ClickUp to create 200 new jobs in Dublin


Two hundred new jobs are to be created in Dublin over the next two years thanks to the ClickUp productivity platform.

The American technology company will open a new European headquarters there as part of its international expansion.

The new roles will be in a range of areas including sales, customer success, marketing, support, finance and human resources and recruiting has already started.

The expansion comes just over a month after the San Diego-based company raised $ 400 million in Series C funding.

ClickUp said it chose Ireland because of the tech community established here and the availability of talent.

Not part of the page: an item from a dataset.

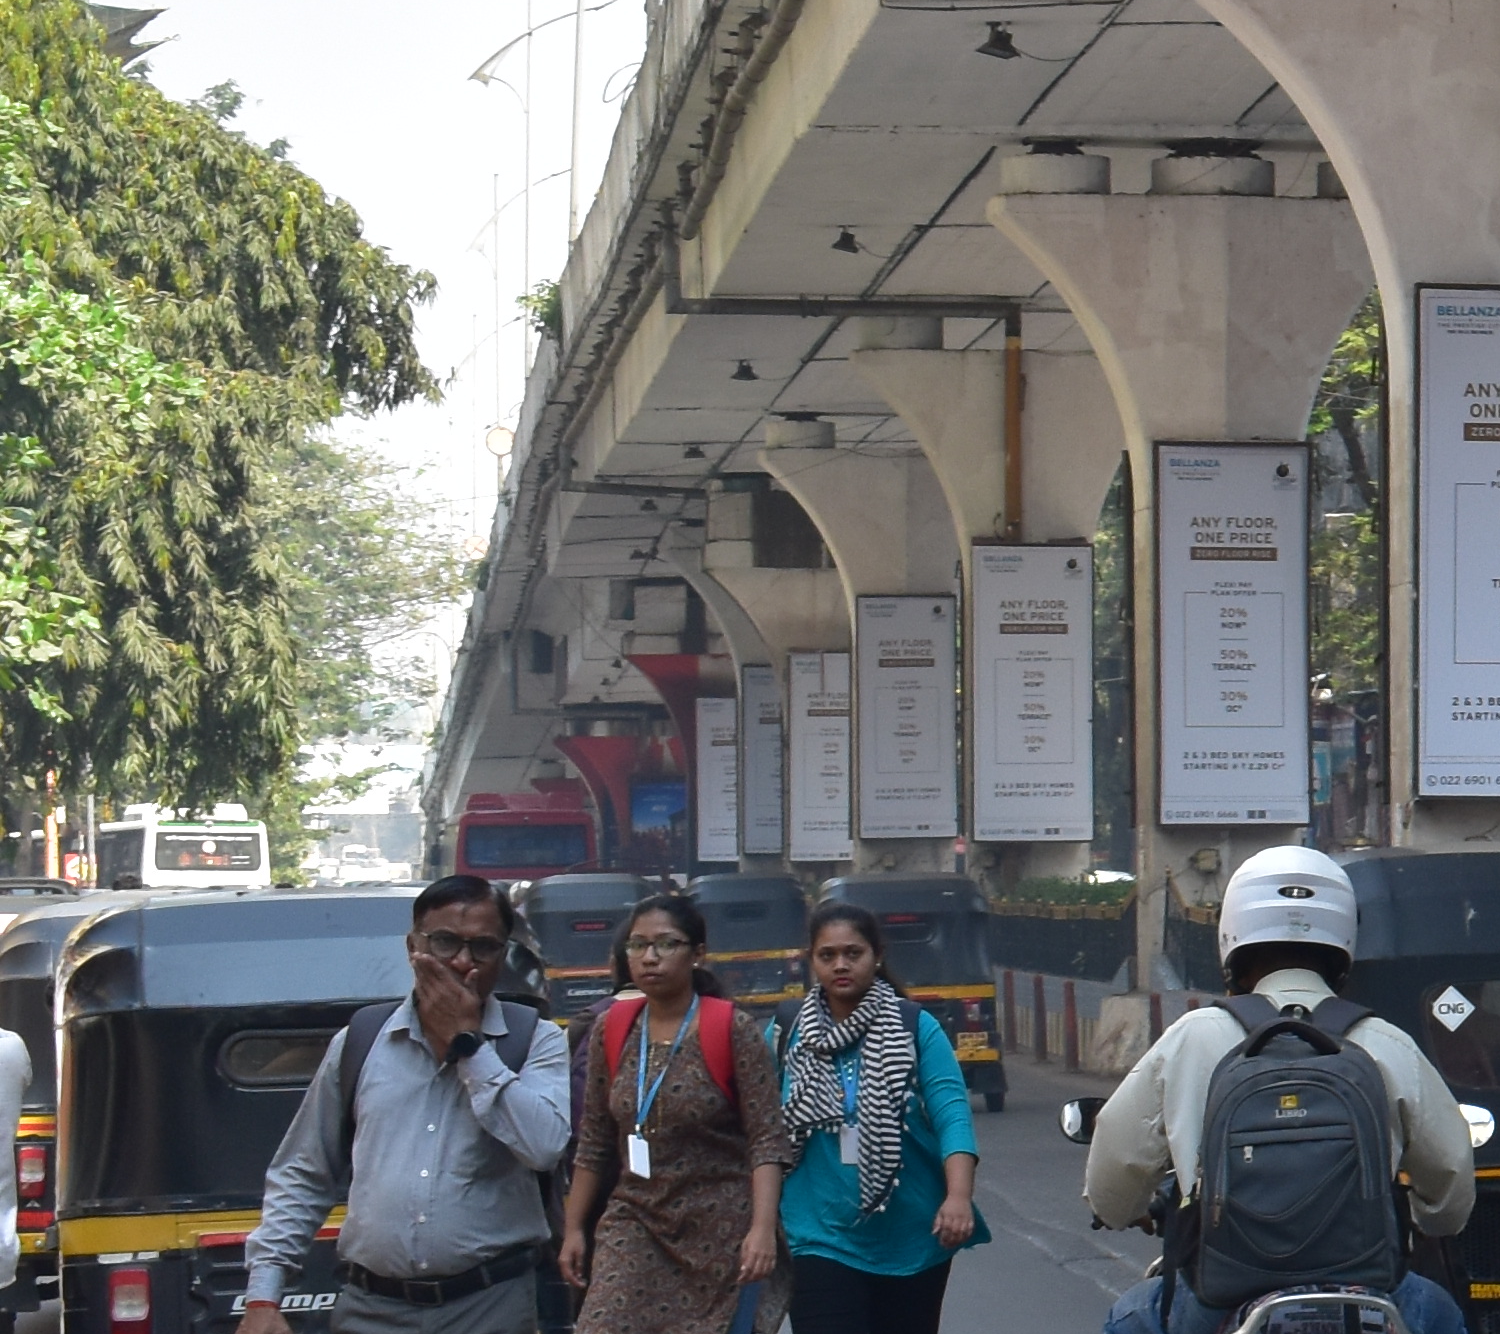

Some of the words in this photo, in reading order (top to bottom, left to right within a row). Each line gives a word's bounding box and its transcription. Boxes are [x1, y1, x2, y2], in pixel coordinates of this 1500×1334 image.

“We have been impressed with the deep expertise and large supply of multilingual tech talent in and around Dublin, and we consider our European office to play a vital role in ClickUp’s continued global expansion,” said Mark Stoddard , Head of International Operations at ClickUp.

“We are excited to bring ClickUp to Ireland and offer a diverse range of jobs, while adding to the already world-class tech community.”

Founded in 2017, ClickUp is an all-in-one software as a service platform that replaces individual workplace productivity tools with a single platform comprising project management, document collaboration, worksheets, chat and goals.

Its customers include Booking.com, Netflix and McDonalds and is used by 800,000 teams around the world, including 275,000 based in Europe.

The company plans to use its Dublin office to locate the product for its customers in France, Germany and Spain.

The investment was well received by Tánaiste and Minister of Enterprise Leo Varadkar and by IDA which supported him.

“Dublin remains a premier destination city for fast growing companies wishing to establish their European headquarters in order to internationalize their business and serve and grow their customer base,” said Martin Shanahan, CEO of IDA Ireland.

“Ireland has a proven track record as a very attractive destination for Software as a Service (SaaS) companies looking to access a well-established talent pool to scale quickly.

ClickUp tripled its revenue last year and quadrupled its number of users.

In total, it has raised $ 535 million in funding and is currently valued at over $ 4 billion.